■ **RECORDED INFORMATION**:
● ● ● ●
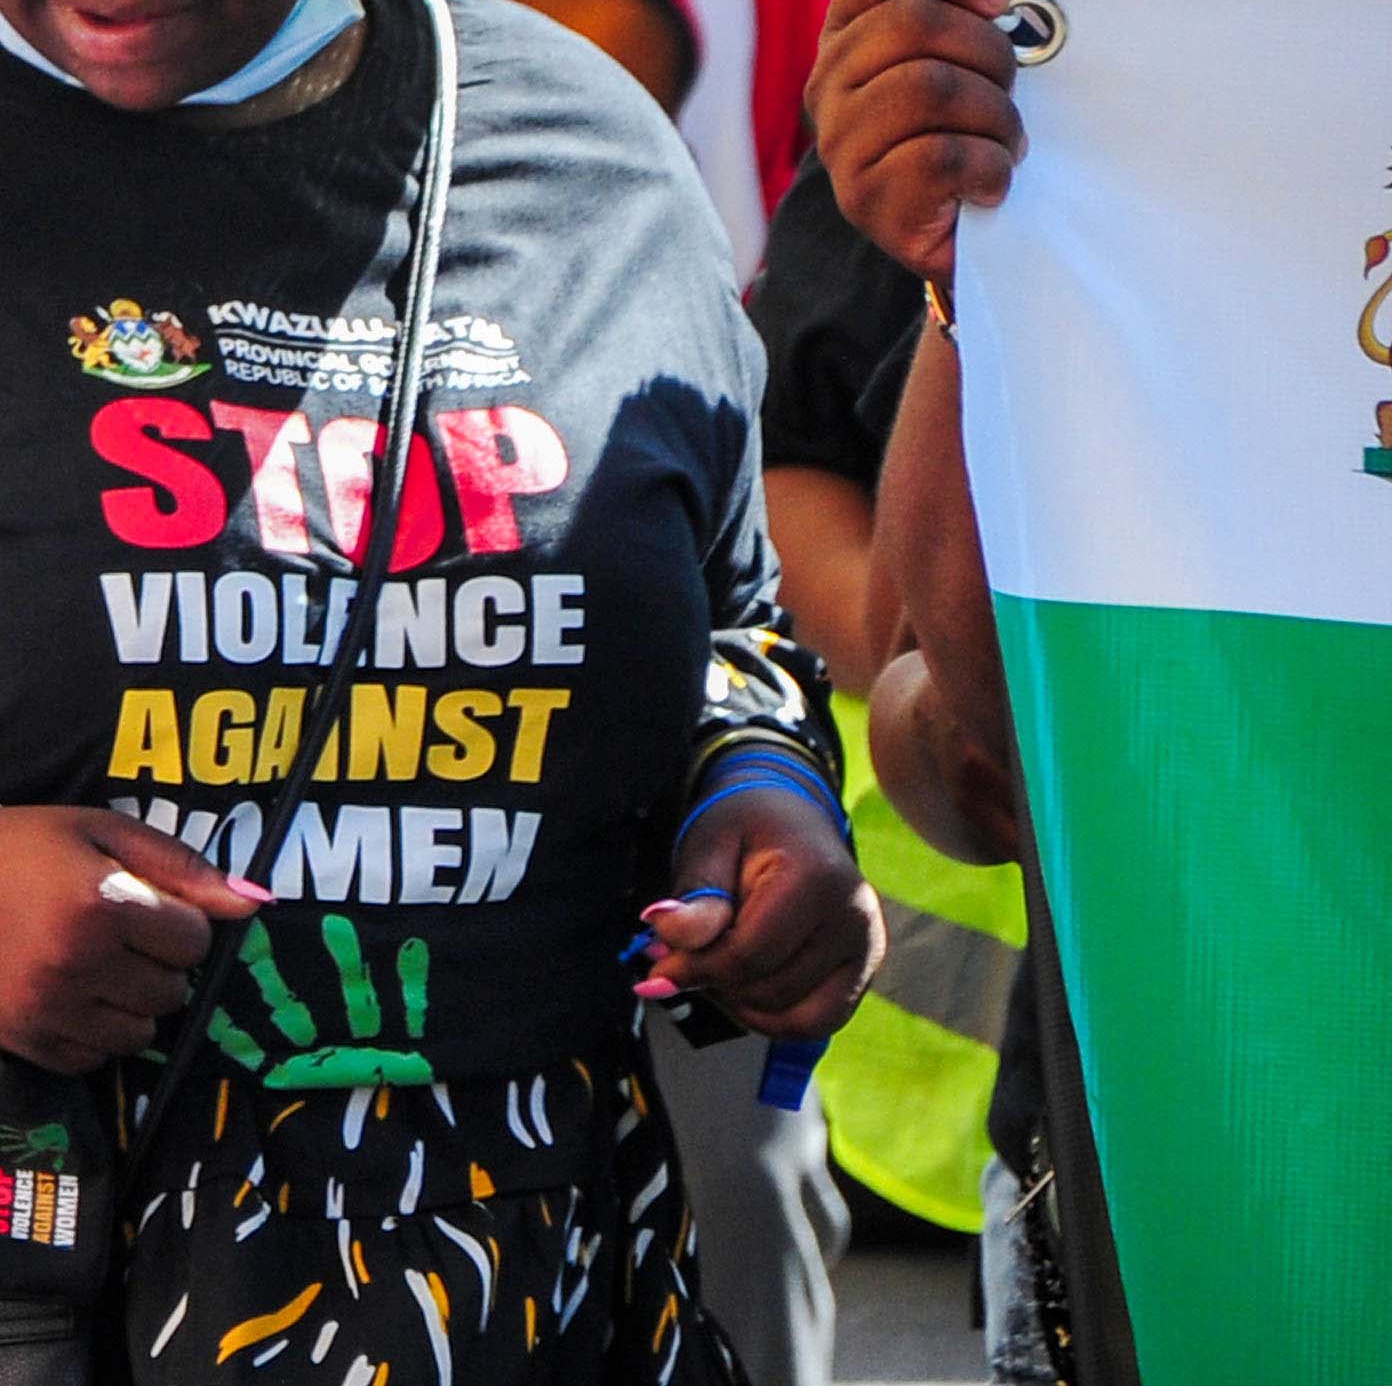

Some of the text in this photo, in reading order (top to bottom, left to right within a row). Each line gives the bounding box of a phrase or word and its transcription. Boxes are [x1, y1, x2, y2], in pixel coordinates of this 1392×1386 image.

[218, 337, 359, 374] PROVINCIAL
[224, 358, 331, 392] REPUBLIC
[332, 370, 363, 396] OF
[445, 366, 532, 392] AFRICA
[90, 395, 571, 574] STOP
[100, 571, 586, 669] VIOLENCE
[53, 1174, 79, 1247] WOMEN
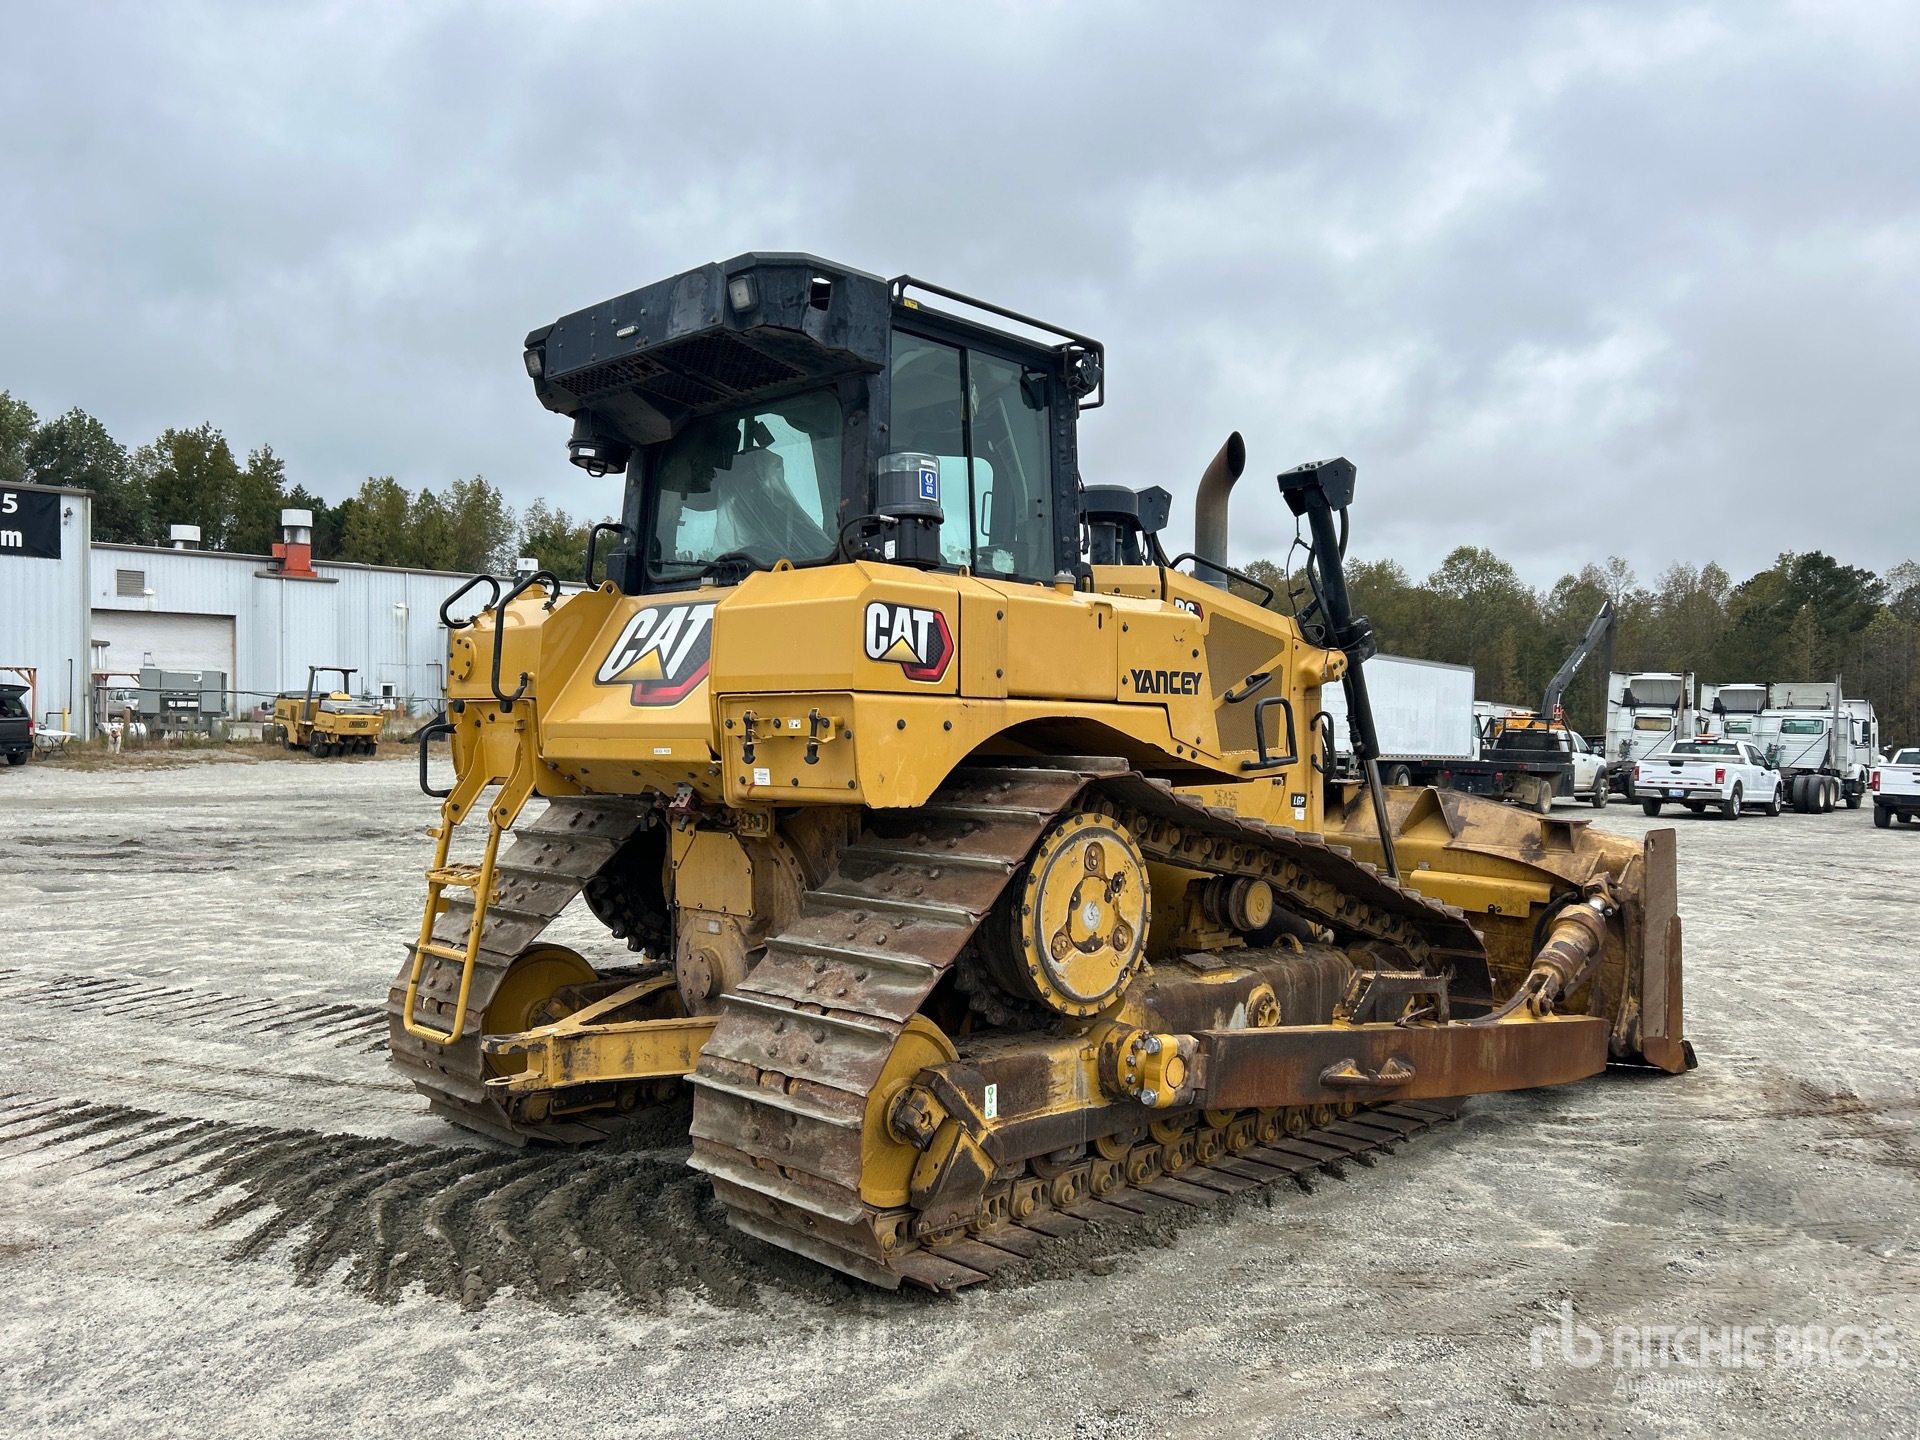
● ● ● ●
■ **PROBLEM DESCRIPTION**:
Now reproduce all of the entries precisely, with no pictures in the copy.

■ **WRITTEN RESPONSE**:
Some of the text in this photo, in reading order (top to bottom, left to right within a row). Each line gives the bounding box of a phrase or word and its transcription. Boxes are [x1, y1, x2, y2], in pixel coordinates of this 1392×1386 image.

[218, 337, 359, 374] PROVINCIAL
[224, 358, 331, 392] REPUBLIC
[332, 370, 363, 396] OF
[445, 366, 532, 392] AFRICA
[90, 395, 571, 574] STOP
[100, 571, 586, 669] VIOLENCE
[53, 1174, 79, 1247] WOMEN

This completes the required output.